- Sang Garan Kuh Location within Iran
- Coordinates: 35°26′32″N 49°16′33″E﻿ / ﻿35.44222°N 49.27583°E
- Country: Iran
- Province: Hamadan
- County: Dargazin
- District: Shahanjarin
- Rural District: Dargazin-e Olya

Population (2016)
- • Total: 213
- Time zone: UTC+3:30 (IRST)

= Sang Garan Kuh =

Village in Hamadan province, Iran

Sang Garan Kuh (سنگ گران كوه) (Note: Also romanized as Sang Garān Kūh; formerly known as Shahbolaghi (شاه‌بلاغي)) is a village in Dargazin-e Olya Rural District (Note: Formerly Darjazin-e Olya Rural District) of Shahanjarin District in Dargazin County, Hamadan province, Iran.

==Demographics==
===Population===
At the time of the 2006 National Census, the village's population was 203 in 60 households, when it was in Darjazin-e Olya Rural District (Note: Renamed Dargazin-e Olya Rural District) of the former Qorveh-ye Darjazin District in Razan County.

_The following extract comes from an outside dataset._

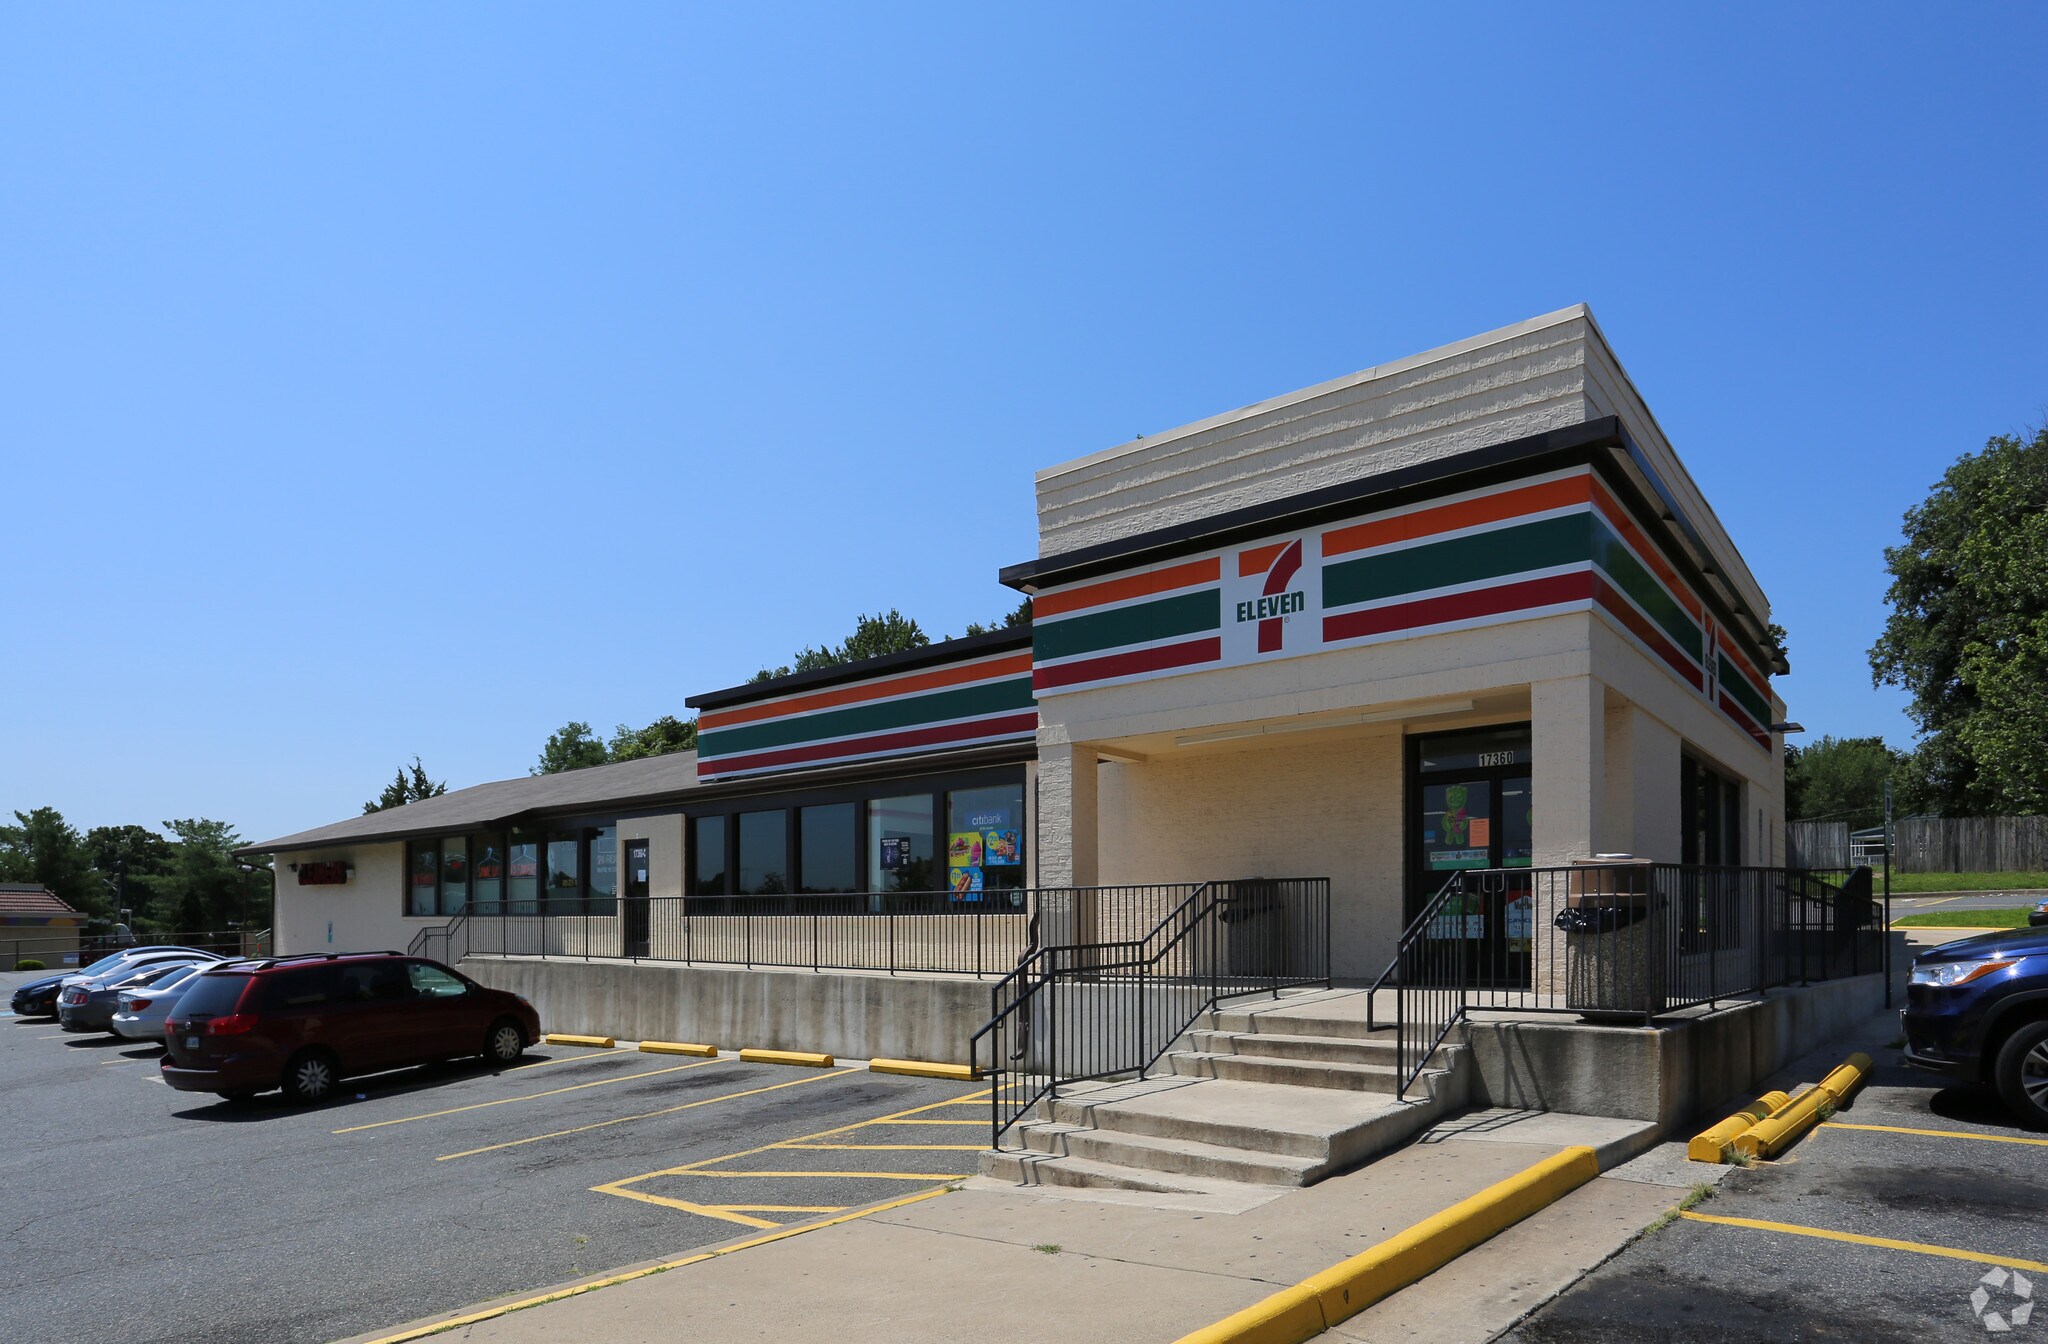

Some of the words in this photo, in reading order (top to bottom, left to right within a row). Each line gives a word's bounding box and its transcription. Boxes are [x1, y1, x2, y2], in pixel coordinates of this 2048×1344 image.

The following census in 2011 counted 208 people in 59 households. The 2016 census measured the population of the village as 213 people in 71 households.

In 2019, the district was separated from the county in the establishment of Dargazin County. The rural district was transferred to the new Shahanjarin District and renamed Dargazin-e Olya Rural District.